I have written several articles you might like to read for more information about antibiotics, intestinal viruses (gastroenteritis), and upper respiratory infections (URIs). They can be found on the web at the following URLs.
| Antibiotics: | http://www.mindspring.com/~drwarren/antibiot.htm |
| Gastroenteritis: | http://www.mindspring.com/~drwarren/gastro.htm |
| URIs: | http://www.mindspring.com/~drwarren/uri.htm |
Sincerely,
Dr. Warren

-NN
Dear NN: An eye that has been watery since birth and has intermittent discharge usually has a blocked or narrow tear duct. Massaging along the nose by the corner of the eye may help to push secretions through the duct and open it. The condition often improves as infants get older.
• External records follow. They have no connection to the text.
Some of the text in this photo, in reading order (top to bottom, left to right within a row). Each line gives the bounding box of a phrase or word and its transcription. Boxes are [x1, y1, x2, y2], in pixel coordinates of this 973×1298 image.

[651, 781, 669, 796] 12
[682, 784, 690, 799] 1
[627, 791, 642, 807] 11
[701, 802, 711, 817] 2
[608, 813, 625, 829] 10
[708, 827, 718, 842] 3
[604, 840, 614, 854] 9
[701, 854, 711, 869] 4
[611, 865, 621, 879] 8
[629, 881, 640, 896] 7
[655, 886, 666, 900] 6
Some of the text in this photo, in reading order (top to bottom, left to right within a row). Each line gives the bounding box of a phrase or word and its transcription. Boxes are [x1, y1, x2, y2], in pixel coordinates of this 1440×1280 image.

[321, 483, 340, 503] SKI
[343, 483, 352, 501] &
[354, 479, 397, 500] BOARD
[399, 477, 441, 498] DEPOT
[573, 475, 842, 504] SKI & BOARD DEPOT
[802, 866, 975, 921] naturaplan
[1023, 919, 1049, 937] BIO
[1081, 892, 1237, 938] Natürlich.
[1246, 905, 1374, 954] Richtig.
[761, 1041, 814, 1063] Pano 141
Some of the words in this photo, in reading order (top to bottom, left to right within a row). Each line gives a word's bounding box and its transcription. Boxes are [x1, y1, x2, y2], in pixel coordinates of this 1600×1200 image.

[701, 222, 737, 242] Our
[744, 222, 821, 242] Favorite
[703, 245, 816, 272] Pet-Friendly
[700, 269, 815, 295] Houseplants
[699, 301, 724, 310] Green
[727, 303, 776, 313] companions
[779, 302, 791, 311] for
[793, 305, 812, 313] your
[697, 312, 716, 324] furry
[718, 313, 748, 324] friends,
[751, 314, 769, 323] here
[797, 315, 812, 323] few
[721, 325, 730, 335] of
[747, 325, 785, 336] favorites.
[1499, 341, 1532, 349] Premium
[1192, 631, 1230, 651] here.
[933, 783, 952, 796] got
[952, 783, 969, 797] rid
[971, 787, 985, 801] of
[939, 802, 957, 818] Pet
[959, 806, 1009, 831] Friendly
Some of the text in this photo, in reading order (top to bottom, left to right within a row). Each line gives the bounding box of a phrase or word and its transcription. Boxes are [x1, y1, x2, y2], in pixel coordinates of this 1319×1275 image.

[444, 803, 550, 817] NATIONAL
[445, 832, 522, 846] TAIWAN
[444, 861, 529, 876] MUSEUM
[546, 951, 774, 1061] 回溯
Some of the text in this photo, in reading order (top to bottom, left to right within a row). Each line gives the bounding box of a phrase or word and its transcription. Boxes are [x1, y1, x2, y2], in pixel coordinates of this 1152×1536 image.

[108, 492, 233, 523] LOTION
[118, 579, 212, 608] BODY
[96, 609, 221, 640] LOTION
Since your daughter has had this condition for eight months you should consult an ophthalmologist to see if her tear duct need s to be probed. This condition will not harm your daughter's sight.
Sincerely,
Dr. Warren

-BA
Dear BA: Your son has a hydrocoele which is a sac of fluid surrounding his testicle. The testicles are in the abdomen while the baby is developing in the womb. Before birth the testicles descend from the abdomen into the scrotum (the sac). As they descend they become surrounded by membranes inside the abdomen. These membranes fuse around the testicles and the connective tissue in the groin closes so that the testicles are sealed into the scrotum. If the membrane seals with fluid in it, then it's a hydrocoele. If the connective tissue in the groin doesn't close, that's a hernia. When a hernia bulges, intestines are poking through the opening into the scrotum. In most cases a hydrocoele feels different from a hernia, but if it is difficult to tell, the doctor can shine a light through it. The light doesn't shine through the intestine but it shines very well through a hydrocoele.
Hydrocoeles are very common and many disappear by one year of age. Those that persist beyond one year of age have a higher likelihood of being associated with a hernia, so surgical repair is recommended.
Sincerely,
Dr. Warren

Thanks for your help!
-RU
Dear RU: At 4 months, a baby who wakes for feedings, takes a few sips, and falls asleep, is a "trained night feeder." That means he uses his bottle to put himself to sleep because that is the only way he knows to go to sleep. To eliminate his waking you will have to eliminate the feedings at night. This will result in some crying, but that's okay. I'm reluctant to suggest letting him "cry it out" since that implies letting him cry indefinitely without any intervention. At first your child may need some soothing intermittently. Eventually you will decrease your intervention and leave him to fall asleep on his own. Please read my article on "sleeping through the night" at http://www.mindspring.com/~drwarren/sleep.htm.
Sincerely,
Dr. Warren

-AMB
Dear AMB: At 24 inches long your son's height is at the 90th percentile, which certainly makes him big. If his weight were in the 90th percentile he'd be well proportioned, but his weight is above the 97th percentile, so he is somewhat overweight. If his weight now levels off in the same percentile, i.e., if his weight gain continues along the same curve, that wouldn't be too bad; however, since he nearly doubled his birth weight in 2 months, there is some concern that he is getting too many calories. It might not be a bad idea to give your son another month of growth to see what happens to his weight and height before deciding to alter his diet. If his weight gain continues in excess, the best way to cut down his intake is to make each 8 ounce bottle with 6 ounces of formula and 2 ounces of water.